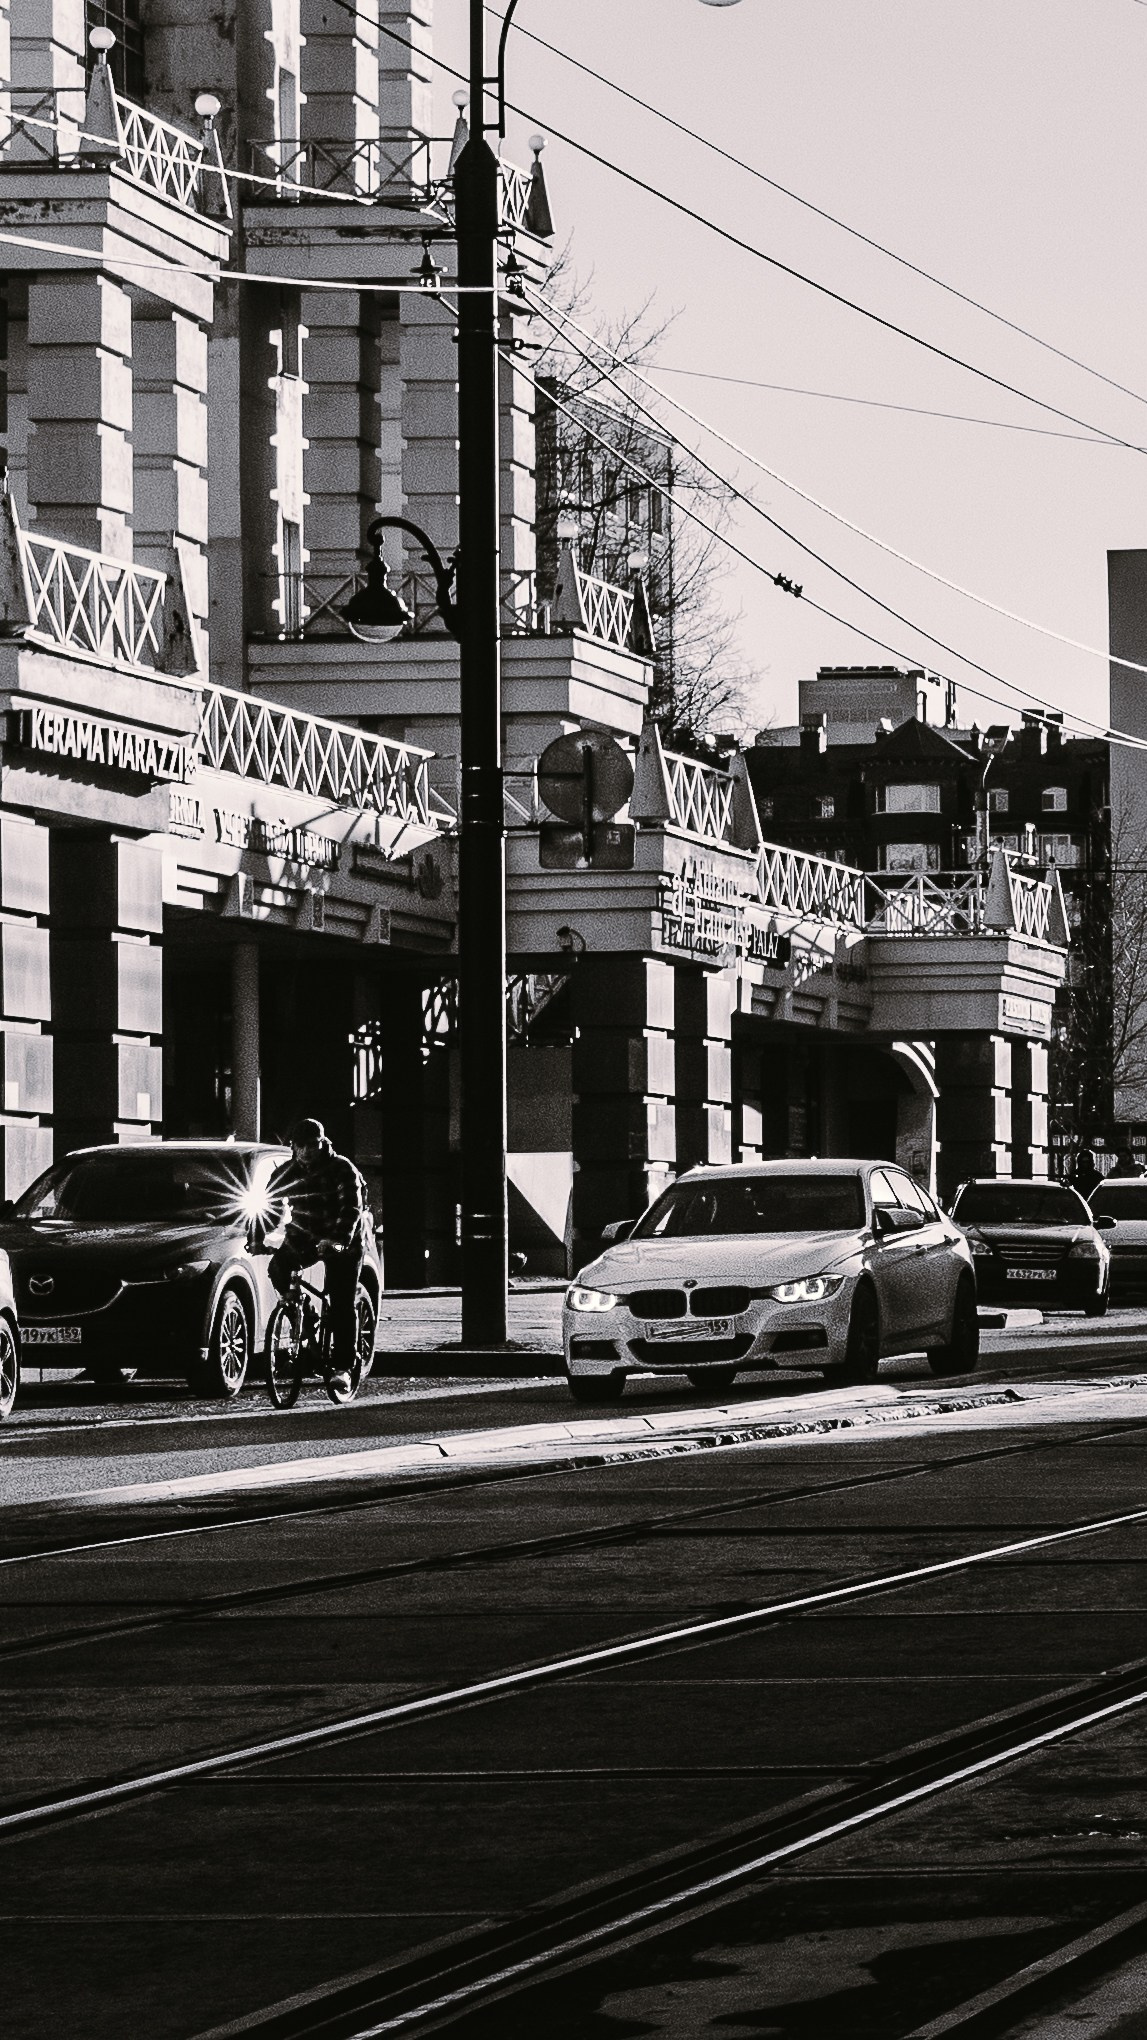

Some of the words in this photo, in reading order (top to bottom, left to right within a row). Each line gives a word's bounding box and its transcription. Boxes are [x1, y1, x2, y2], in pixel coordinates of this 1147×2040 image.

[31, 708, 105, 764] KERAMA
[108, 727, 184, 783] MARAZZI
[216, 808, 293, 856] УЧЕЫЙ
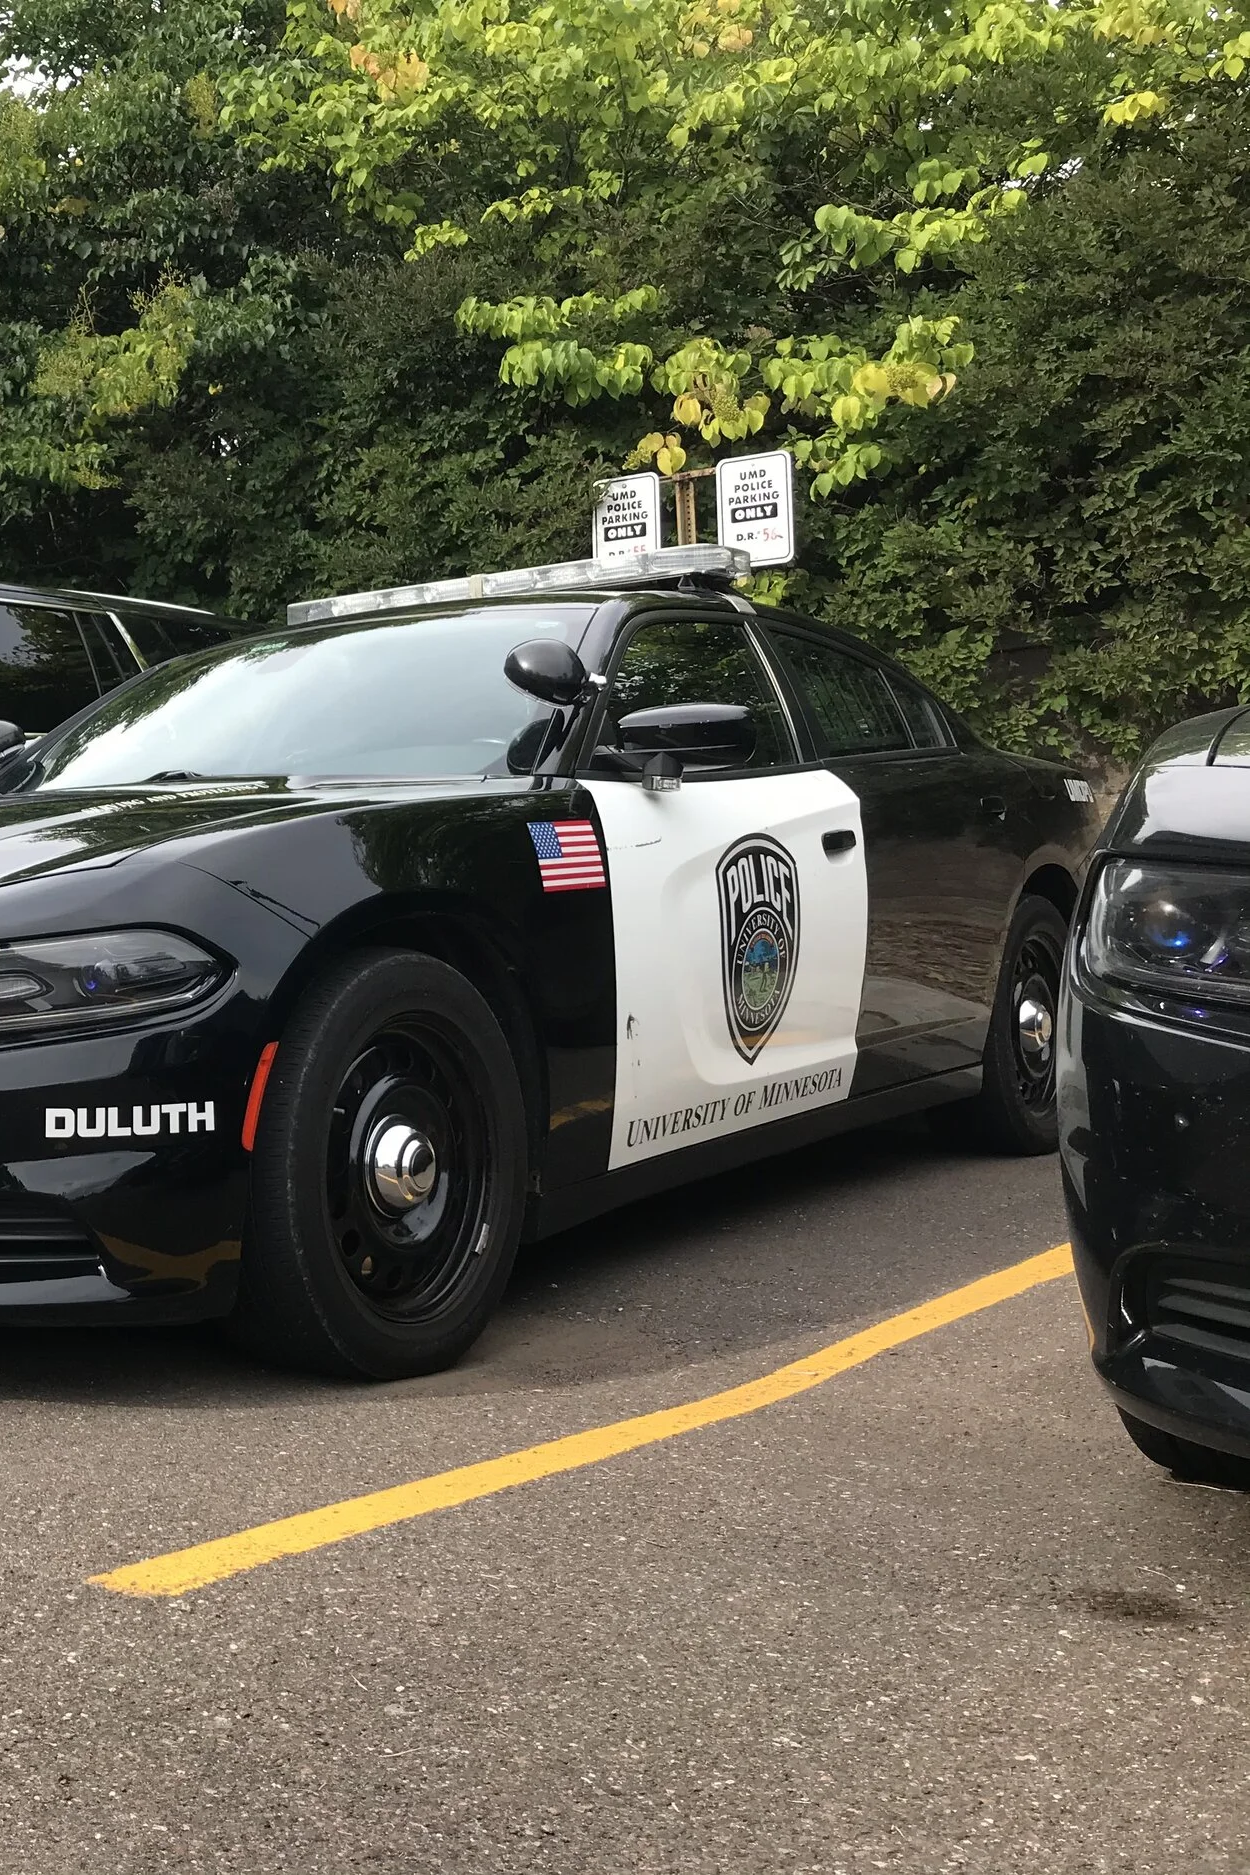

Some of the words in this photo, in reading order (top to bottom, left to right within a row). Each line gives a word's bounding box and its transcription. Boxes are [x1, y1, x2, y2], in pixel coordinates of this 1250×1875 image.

[739, 469, 767, 481] UMD
[734, 480, 773, 493] POLICE
[612, 490, 637, 501] UMD
[728, 491, 780, 506] PARKING
[607, 500, 643, 513] POLICE
[734, 504, 774, 521] ONLY
[601, 511, 649, 525] PARKING
[607, 524, 643, 539] ONLY
[726, 854, 793, 946] POLICE
[736, 913, 781, 965] UNIVERSITY
[777, 937, 786, 959] OF
[736, 989, 780, 1025] MINNESOTA
[626, 1097, 730, 1148] UNIVERSITY
[733, 1091, 756, 1117] OF
[758, 1067, 843, 1110] MINNESOTA
[45, 1100, 216, 1138] DULUTH

• • •

Set down the entries exactly as they appear, with every picture left out.

Some of the words in this photo, in reading order (top to bottom, left to right within a row). Each line gives a word's bounding box and its transcription. Boxes are [x1, y1, x2, y2], in pixel coordinates of this 1147×2040 image.

[31, 708, 105, 764] KERAMA
[108, 727, 184, 783] MARAZZI
[216, 808, 293, 856] УЧЕЫЙ

Some of the words in this photo, in reading order (top to bottom, left to right within a row). Each line gives a word's bounding box and its transcription. Boxes are [x1, y1, x2, y2], in pixel coordinates of this 1250×1875 image.

[739, 469, 767, 481] UMD
[734, 480, 773, 493] POLICE
[612, 490, 637, 501] UMD
[728, 491, 780, 506] PARKING
[607, 500, 643, 513] POLICE
[734, 504, 774, 521] ONLY
[601, 511, 649, 525] PARKING
[607, 524, 643, 539] ONLY
[726, 854, 793, 946] POLICE
[736, 913, 781, 965] UNIVERSITY
[777, 937, 786, 959] OF
[736, 989, 780, 1025] MINNESOTA
[626, 1097, 730, 1148] UNIVERSITY
[733, 1091, 756, 1117] OF
[758, 1067, 843, 1110] MINNESOTA
[45, 1100, 216, 1138] DULUTH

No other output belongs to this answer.